> [Task description]: Repeat each entry as written, dropping any picture you find.

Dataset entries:
Start of Block
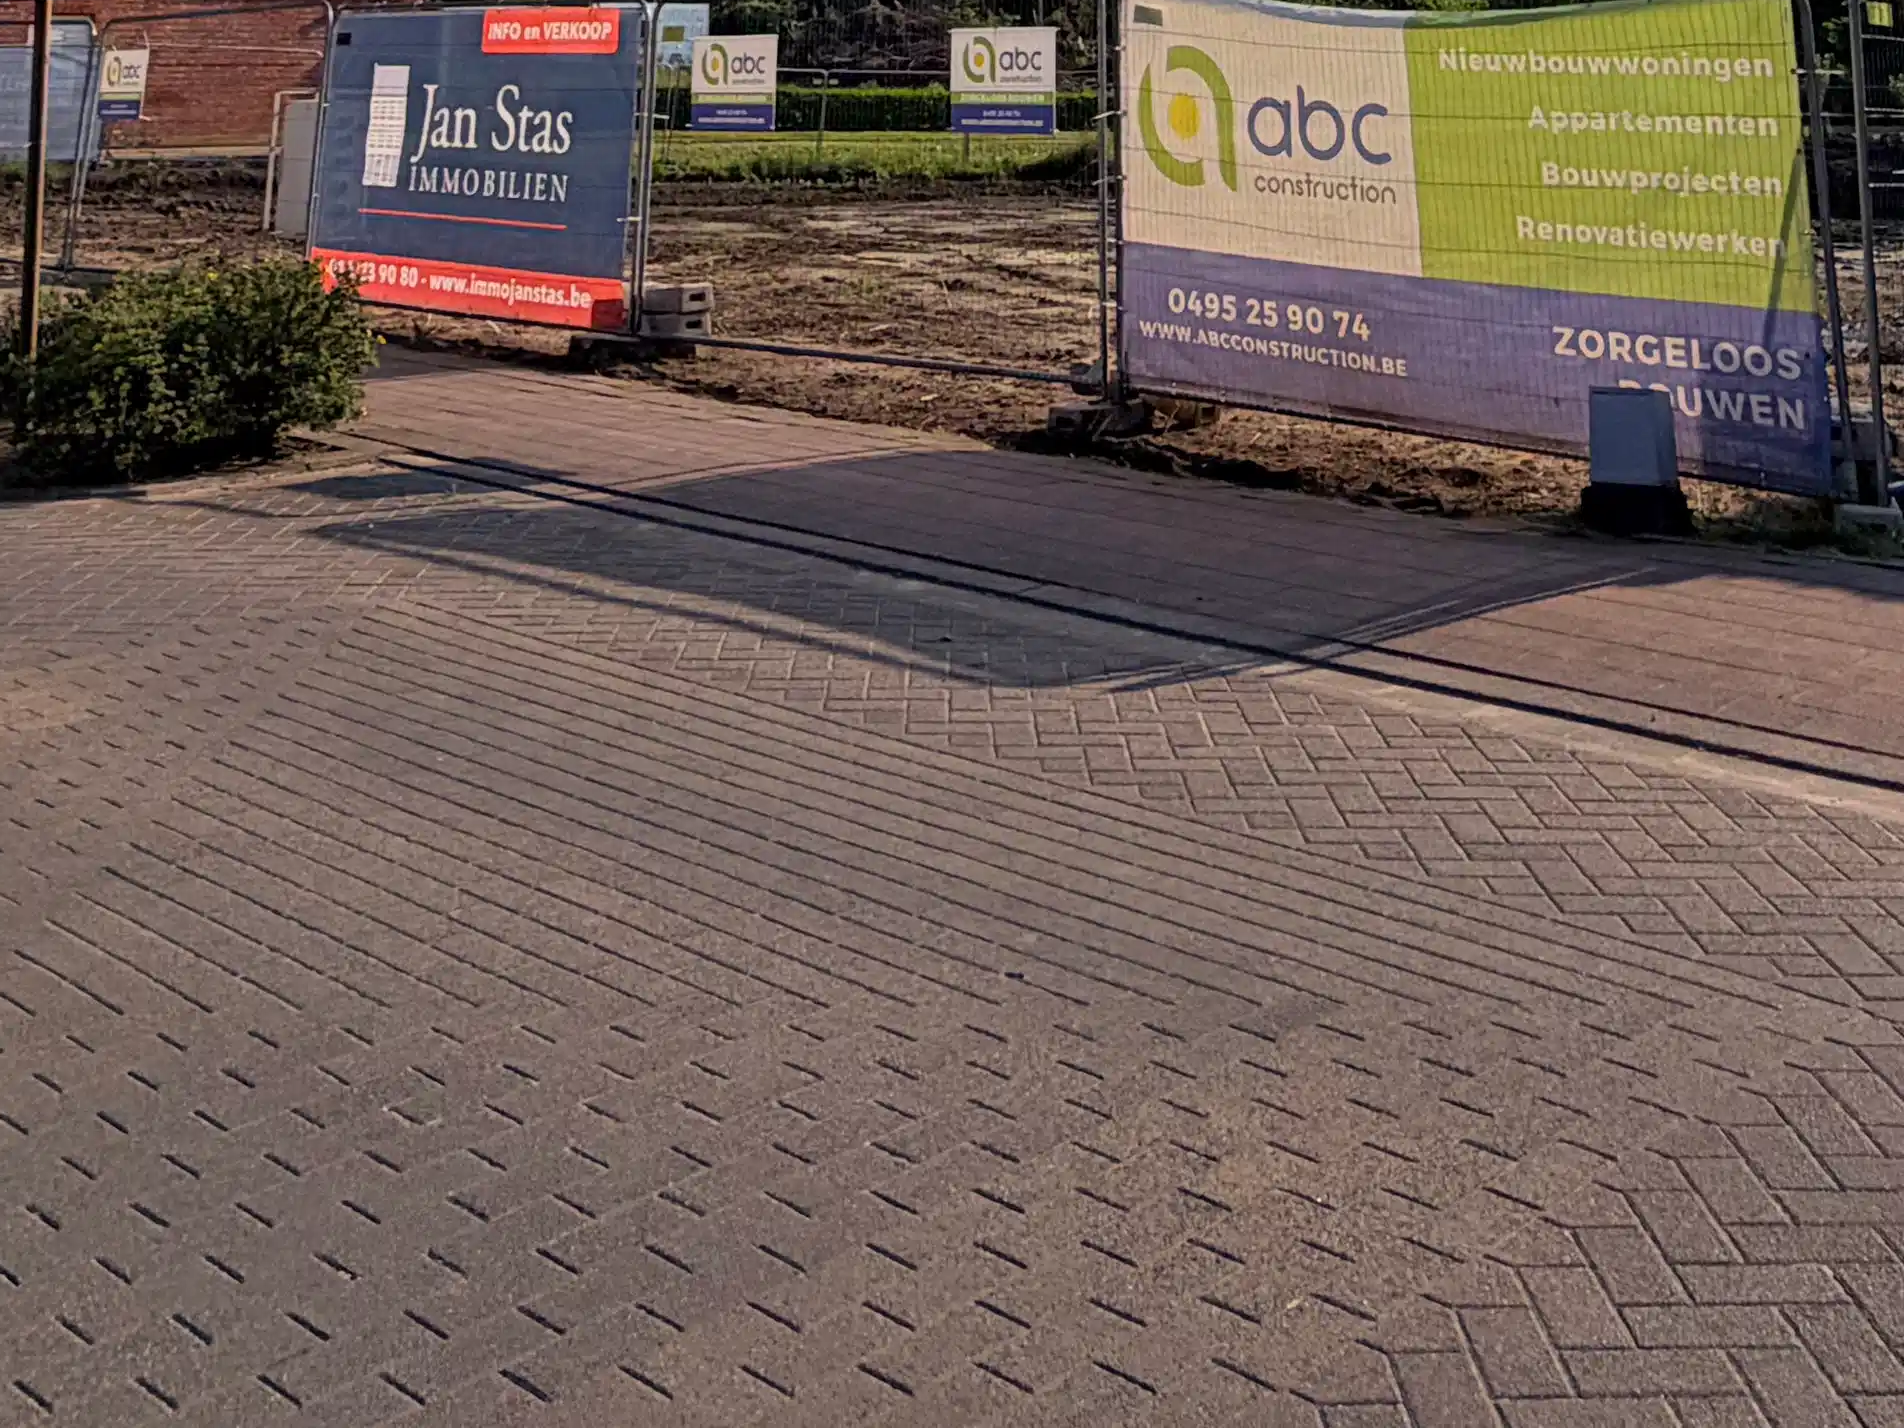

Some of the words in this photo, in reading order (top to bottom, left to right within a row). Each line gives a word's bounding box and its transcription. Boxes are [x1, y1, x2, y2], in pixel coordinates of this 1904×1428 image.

[488, 22, 521, 40] INFO
[524, 26, 540, 40] en
[543, 22, 612, 40] VERKOOP
[731, 52, 765, 74] abc
[999, 46, 1042, 71] abc
[1439, 48, 1773, 82] Nieuwbouwwoningen
[410, 84, 477, 163] Jan
[491, 84, 573, 154] Stas
[1247, 84, 1392, 165] abc
[1528, 105, 1778, 137] Appartementen
[409, 166, 569, 202] IMMOBILIEN
[1254, 173, 1396, 204] construction
[1541, 161, 1782, 198] Bouwprojecten
[1516, 215, 1786, 257] Renovatiewerken
[379, 263, 397, 285] 90
[400, 265, 418, 288] 80
[429, 273, 592, 308] www.immojanstas.be
[1168, 288, 1237, 322] 0495
[1246, 298, 1278, 328] 25
[1287, 304, 1324, 335] 90
[1332, 311, 1371, 342] 74
[1139, 319, 1408, 377] WWW.ABCCONSTRUCTION.BE
[1552, 326, 1802, 380] ZORGELOOS
[1618, 379, 1805, 430] UWEN
End of Block
> [Answer]:
Some of the words in this photo, in reading order (top to bottom, left to right within a row). Each line gives a word's bounding box and its transcription. Boxes are [x1, y1, x2, y2], in pixel coordinates of this 1904×1428 image.

[488, 22, 521, 40] INFO
[524, 26, 540, 40] en
[543, 22, 612, 40] VERKOOP
[731, 52, 765, 74] abc
[999, 46, 1042, 71] abc
[1439, 48, 1773, 82] Nieuwbouwwoningen
[410, 84, 477, 163] Jan
[491, 84, 573, 154] Stas
[1247, 84, 1392, 165] abc
[1528, 105, 1778, 137] Appartementen
[409, 166, 569, 202] IMMOBILIEN
[1254, 173, 1396, 204] construction
[1541, 161, 1782, 198] Bouwprojecten
[1516, 215, 1786, 257] Renovatiewerken
[379, 263, 397, 285] 90
[400, 265, 418, 288] 80
[429, 273, 592, 308] www.immojanstas.be
[1168, 288, 1237, 322] 0495
[1246, 298, 1278, 328] 25
[1287, 304, 1324, 335] 90
[1332, 311, 1371, 342] 74
[1139, 319, 1408, 377] WWW.ABCCONSTRUCTION.BE
[1552, 326, 1802, 380] ZORGELOOS
[1618, 379, 1805, 430] UWEN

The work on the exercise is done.